Porém, as ações dúplices, como visto no tópico anterior deste trabalho, têm esse caráter em decorrência das próprias peculiaridades do direito material deduzido em juízo, devendo-se rejeitar a idéia de que mera autorização legal para elaboração de pedido na contestação seria hábil a qualificar uma ação como ‘dúplice’. 

4. A Sentença Proferida Na Ação Dúplice E O Princípio Da Inércia Da Atividade Jurisdicional 

O artigo 2º do Código de Processo Civil é expresso ao determinar que “nenhum juiz prestará a tutela jurisdicional senão quando a parte ou o interessado a requerer, nos casos e forma legais.” 

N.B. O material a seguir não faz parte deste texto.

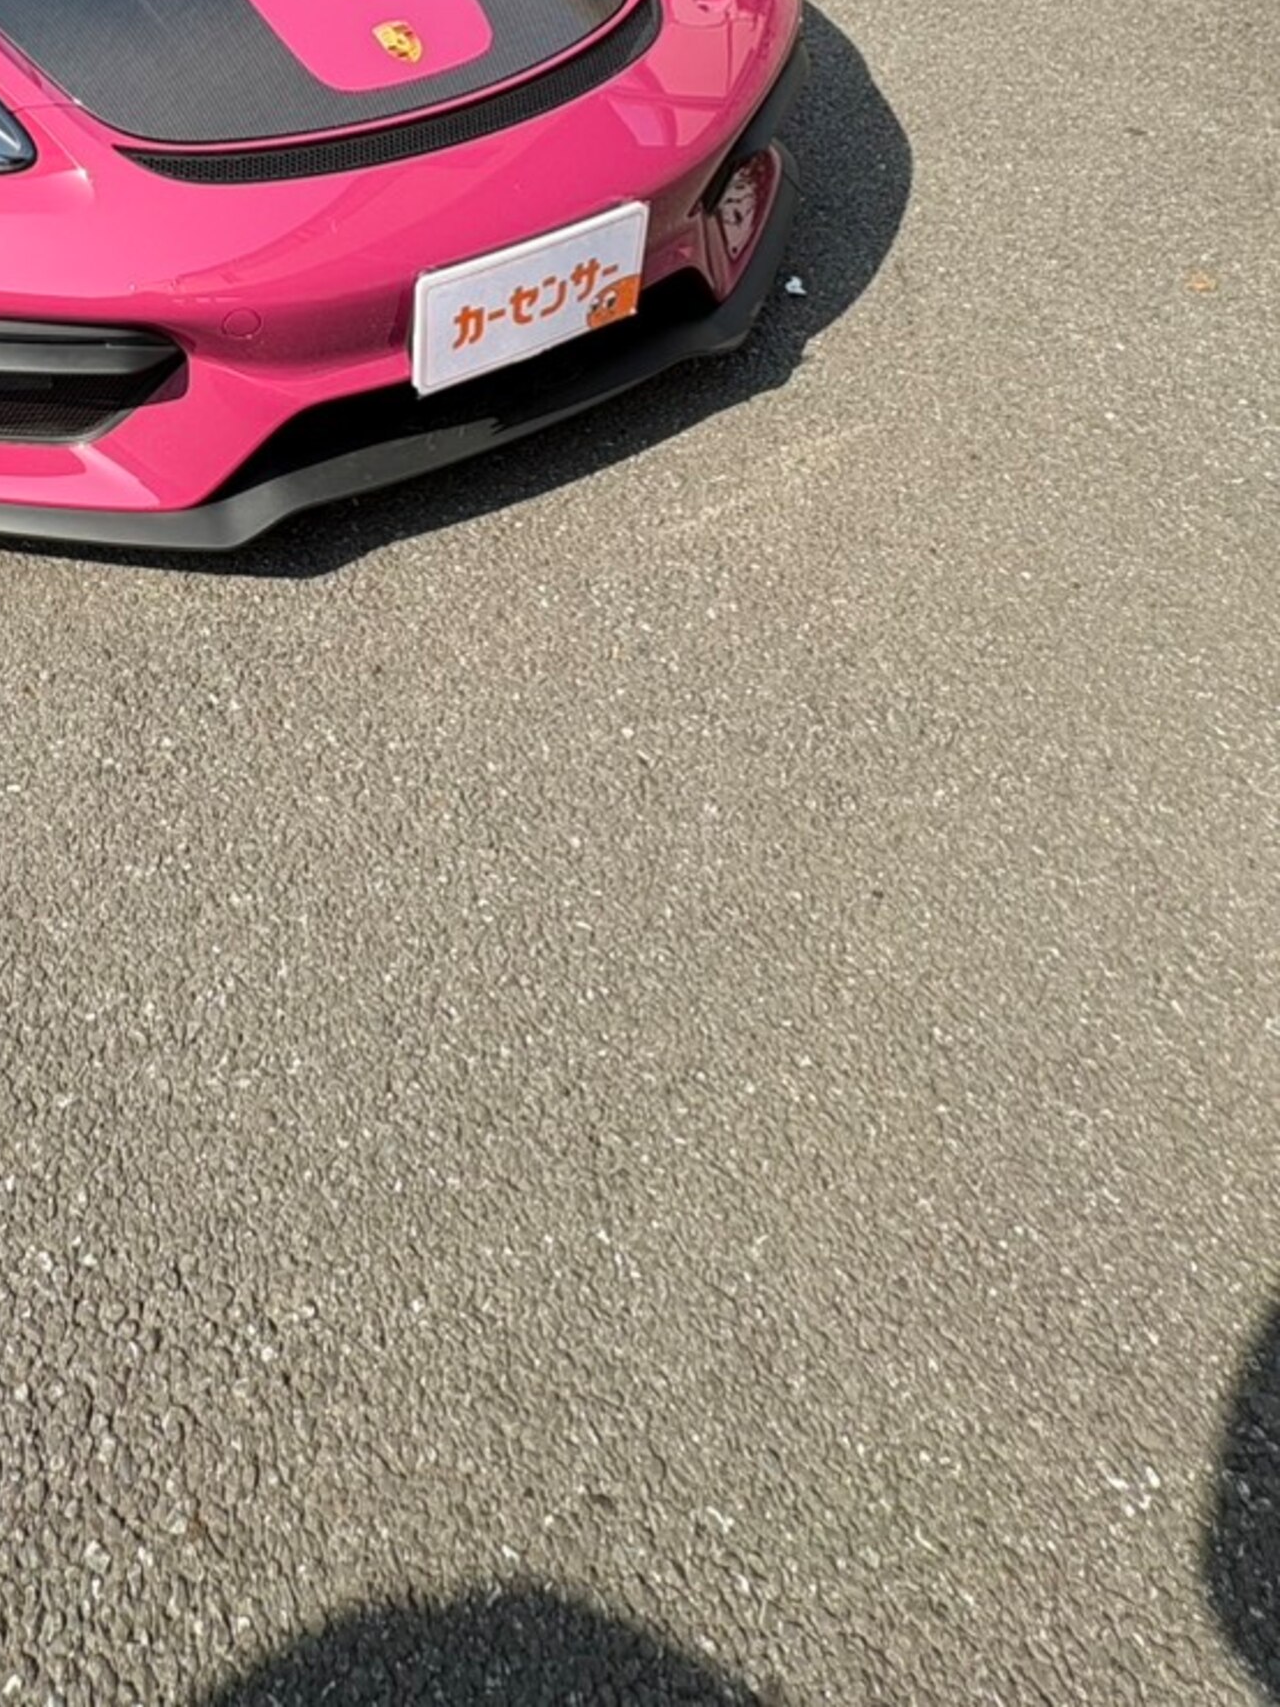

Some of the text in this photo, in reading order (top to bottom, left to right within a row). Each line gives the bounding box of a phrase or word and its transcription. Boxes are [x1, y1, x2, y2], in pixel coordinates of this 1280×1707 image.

[452, 257, 618, 350] カーセンサー

Outra disposição, encontrada no artigo 128 do Código Processual delimita, neste mesmo sentido, a atuação do juiz: “O juiz decidirá a lide nos limites em que foi proposta, sendo-lhe defeso conhecer de questões, não suscitadas, a cujo respeito a lei exige a iniciativa da parte.” 

Das disposições acima, deduz-se que o juiz não pode exercer a jurisdição sem que seja solicitado. O Judiciário somente atua sob provocação das partes (ne procedat judex ex officio). Esta provocação é feita pelo autor, na petição inicial. 

Assim, nos casos em que a lei autoriza a formulação de pedido contraposto na própria defesa, eventual decisão pela concessão do bem da vida ao réu estará, sempre, adstrita à utilização daquela faculdade prevista na lei, sem a qual o juiz não poderá concedê-lo, sob pena de afronta ao princípio da inércia da jurisdição. 

No caso das ações dúplices, não há que se entender a concessão do bem da vida ao réu como fato jurídico decorrente do exercício de um direito de ação, pois conforme definição tradicional, o direito de ação é o direito de exigir do Estado a tutela jurisdicional de natureza subjetiva, pública, abstrata e genérica, e assim não pode ser considerado o exercício da defesa, nem mesmo quando esta defesa trás em si a possibilidade de concessão do bem da vida disputado na ação. 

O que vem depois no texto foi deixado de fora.